One of the reasons I never wrote a review of the first book concerns the area of my second tangent. There was a lot of furor over the first book about Kristoff’s supposed appropriation of Japanese culture for his story, and people got really upset about it. I didn’t feel comfortable jumping in with my opinions at the time. Kristoff defended his story, saying that because his story is fictional, he is under no obligation to faithfully recreate Japanese culture, and I have to say, I think I agree with him. I don’t understand getting upset about authors writing in worlds they don’t live in. Are writers only supposed to write books and stories about the worlds they live in? That seems limiting, and boring, and horrible. Writing and reading are exercises of the imagination, and if someone wants to take a culture and play around in it, changing things here and there, I guess I just don’t get why that’s such a crime. The world of the imagination shouldn’t have limits. Perhaps this is a bad example because American culture is so out there and trying to homogenize the world anyway, but I wouldn’t get angry if someone in Japan wanted to play around with, I don’t know, the Revolutionary War. In fact, it might be fun to see another perspective on it, and even if the person got things wrong, who bloody cares? I also don’t see how issues of race or privilege come into this. Kristoff’s characters are beatiful human people, fully realized. (I think it might be worth noting, all of the angry reviews I saw personally were written by white people. I don’t have an interpretation for that, and I certainly haven’t read every review written of this book, but I do think it’s interesting.)

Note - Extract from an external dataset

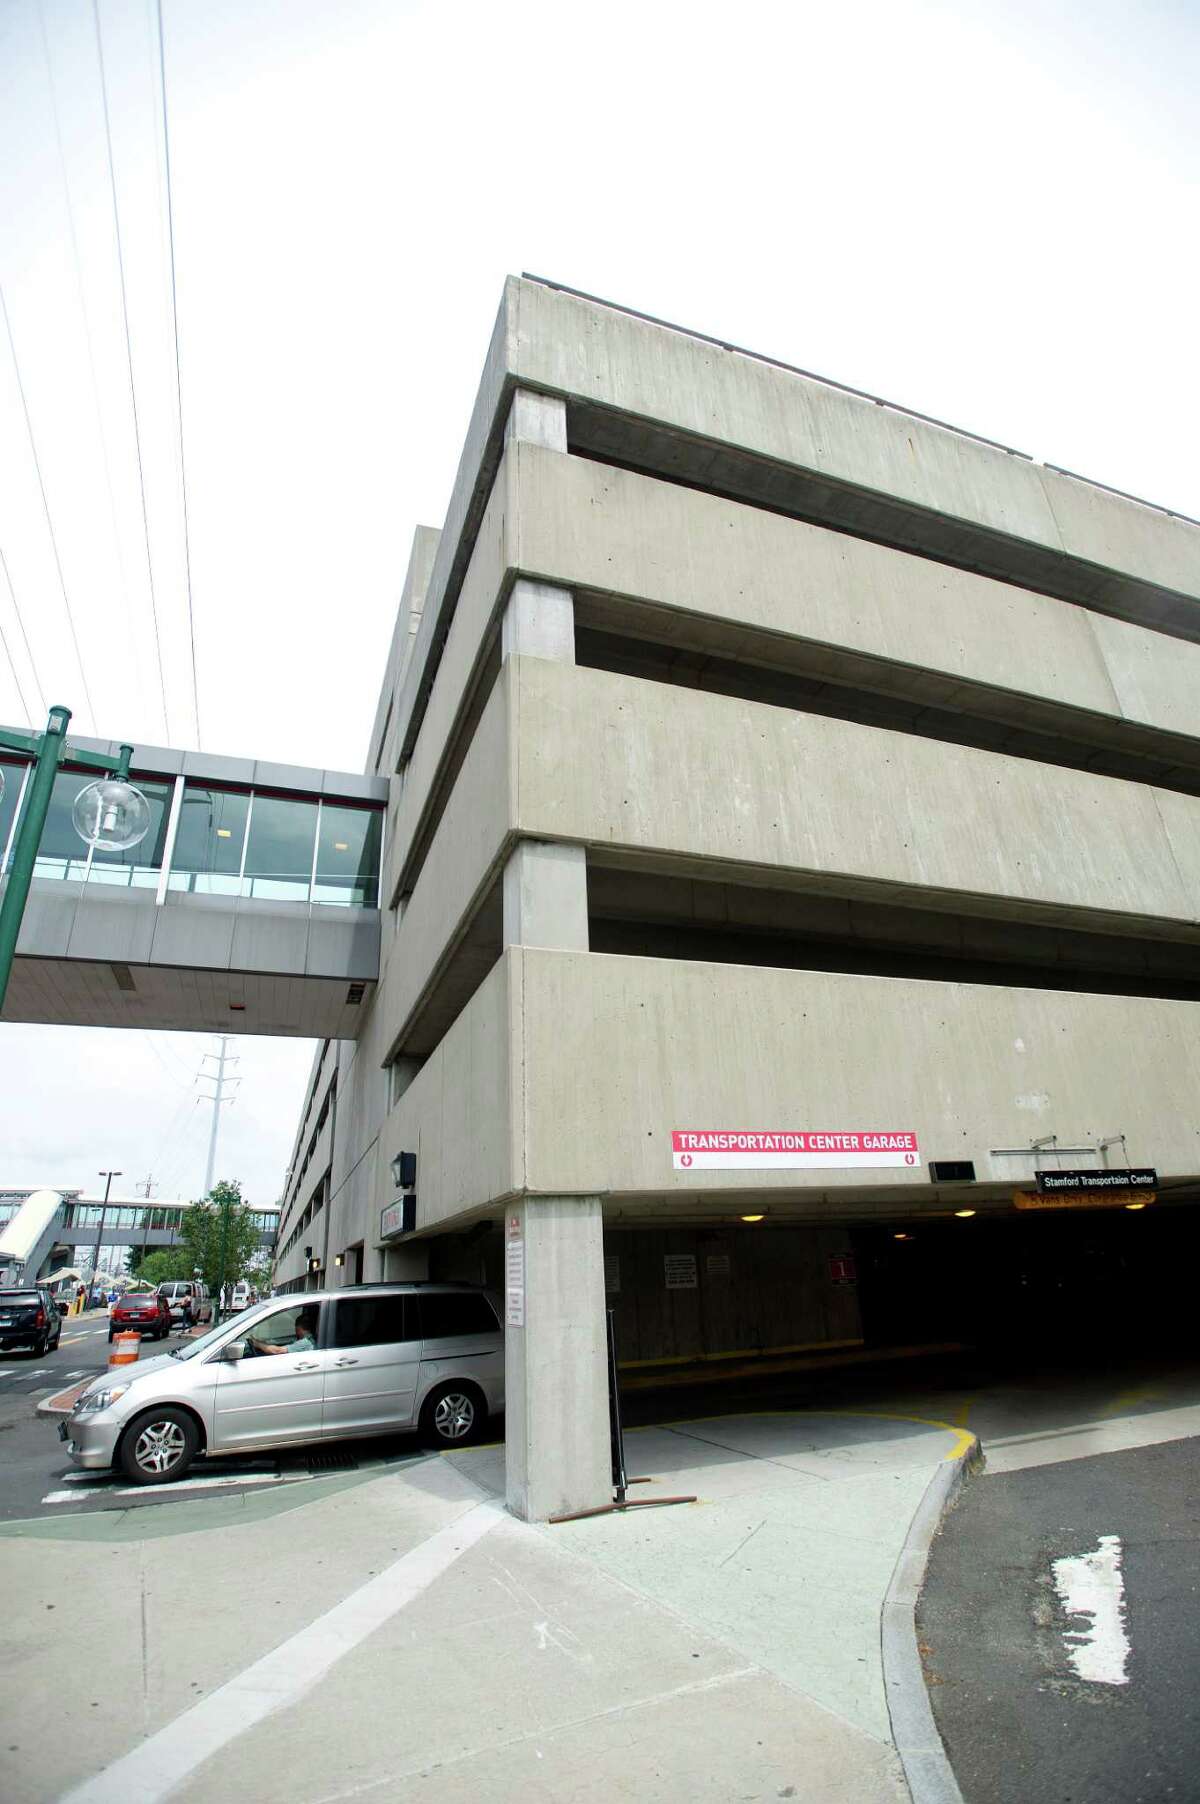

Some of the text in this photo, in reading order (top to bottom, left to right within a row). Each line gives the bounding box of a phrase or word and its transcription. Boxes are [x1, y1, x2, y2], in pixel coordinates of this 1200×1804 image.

[678, 1134, 913, 1149] TRANSPORTATION CENTER GARAGE
[1044, 1177, 1079, 1187] Stamford
[1130, 1174, 1154, 1184] Center

Anyway, that’s a short, poorly worded and, I’m sure, poorly informed opinion, but nevertheless it’s my own, and I wanted to express it. I felt I needed to address this issue because the accusations in other reviews of Stormdancer bothered me enough that I’m still bothered by them a year later. I have seen no anger in regards to this topic over the publication of Kinslayer, but maybe that’s because all the people who were angry with the first book decided not to continue with the series.

Anyway, that was two tangents, as promised. If you have thoughts about these tangents, I’d welcome your opinions.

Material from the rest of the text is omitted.